Oxidation using hydrogen peroxide is often used as a low cost pyrogen destroying solution. The mechanism for this destruction is unknown, but hydrogen peroxide can easily be removed further downstream in the purification process, and is therefore a useful method of pyrogen removal. However, like acid-base hydrolysis, it is not suitable when purifying proteins.
===Heating===
Heating methods are often used to ensure that glass and other lab equipment are free of pyrogenic material. Heat is applied by baking in a dry heat oven that is designed specifically for the depyrogenation process. Although endotoxins are relatively thermally stable, sufficient heating (250 °C for 30 min) results in a 3-log reduction of endotoxin levels.
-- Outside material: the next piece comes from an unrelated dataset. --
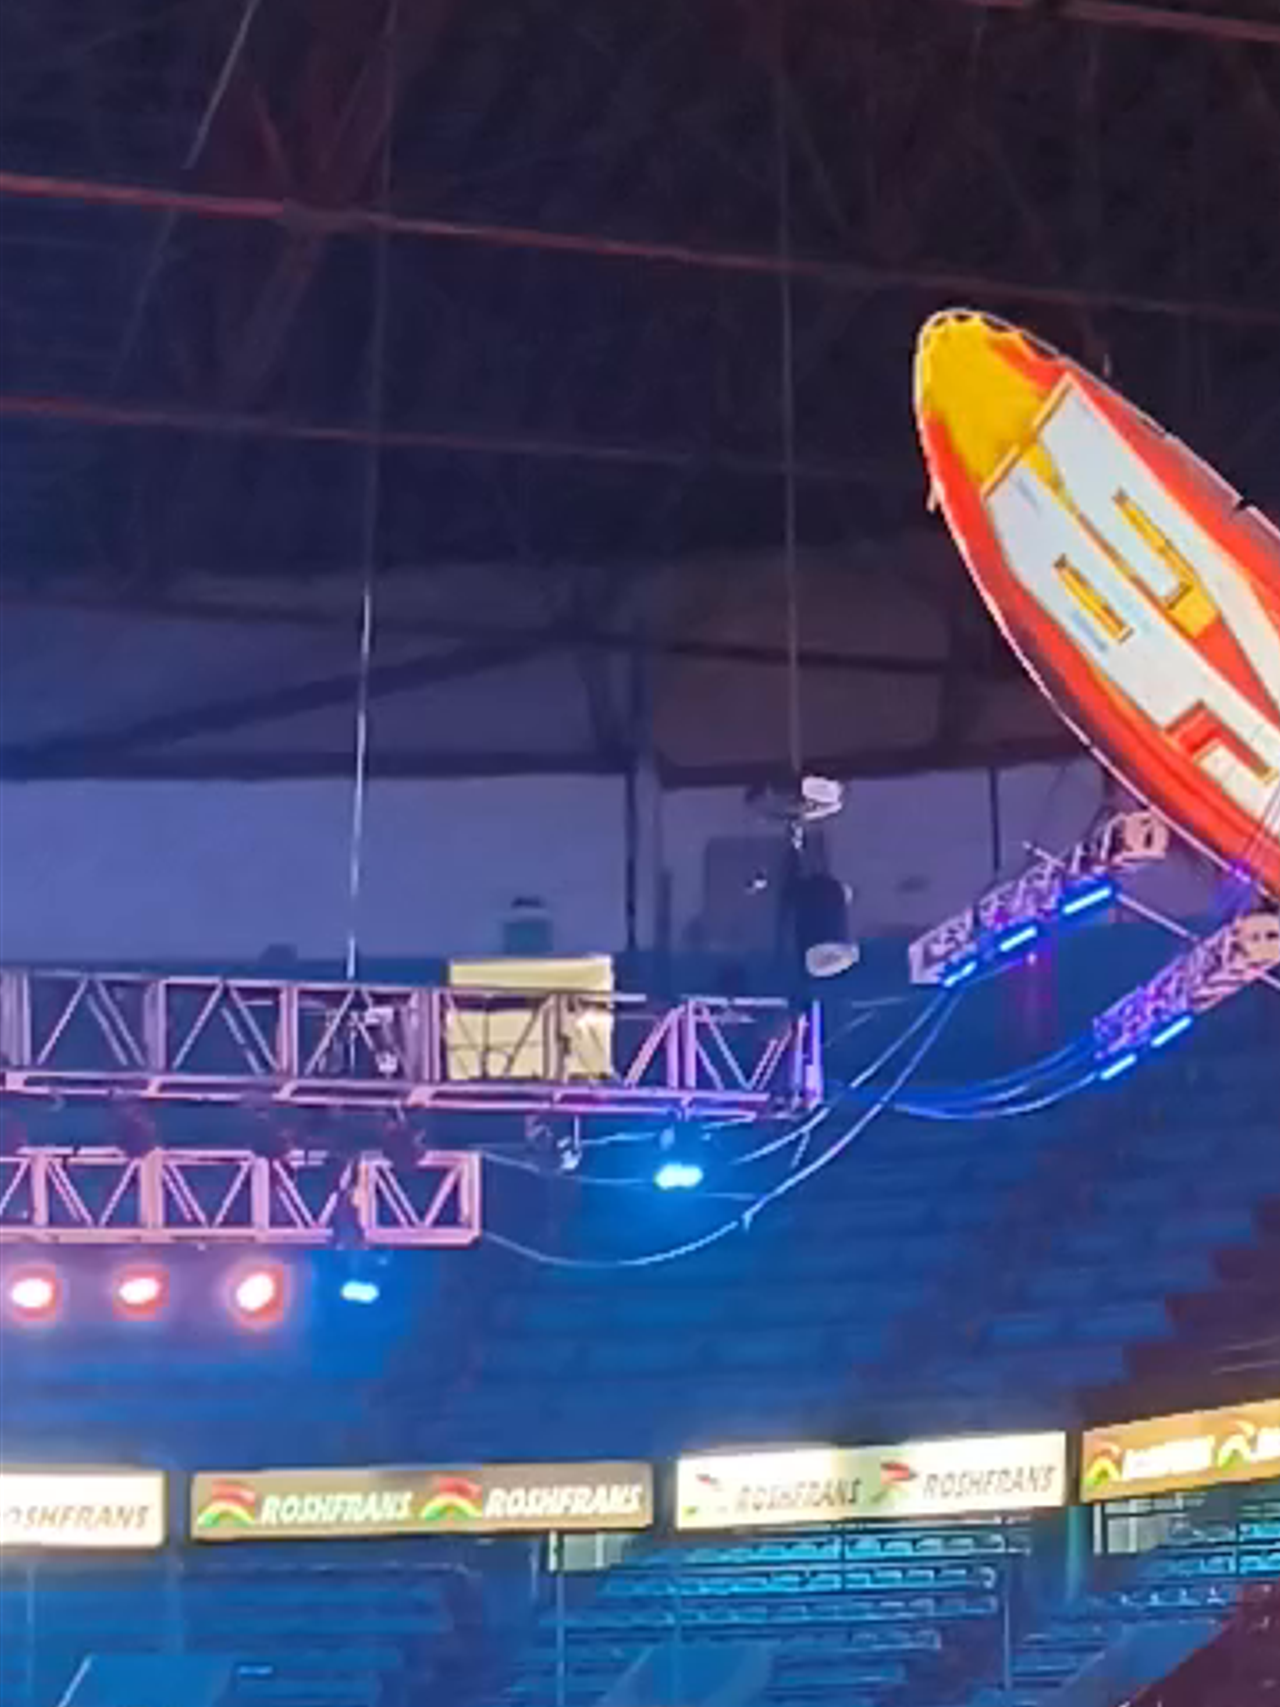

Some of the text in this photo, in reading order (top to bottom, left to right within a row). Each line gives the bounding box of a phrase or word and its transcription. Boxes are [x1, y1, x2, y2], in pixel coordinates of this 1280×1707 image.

[921, 1465, 1057, 1500] ROSHFRANS
[261, 1484, 643, 1525] ROSHFRANS ROSHFRANS
Due to the high temperature levels, this method is also not suitable when purifying proteins.

===Alkalies===

When purifying proteins, alkalies such as sodium hydroxide (NaOH) can be used safely and effectively. It is also widely used for depyrogenation of non-autoclavable equipment (e.g. plastics) and chromatography columns. In fact, when using an anion exchanger to remove pyrogens, it is necessary to clean the column with NaOH after each batch.

== Preventive methods ==
Because virtually all raw materials involved in a production process, including factory employees, can be potential sources of pyrogen contamination, raw material screening and depyrogenation can often go a long way to ensuring the final product is free of pyrogens and does not require costly removal or inactivation methods. Ultrafiltration of chemicals and buffer solutions, applying appropriate hygienic practices, and performing regular tests can all be helpful.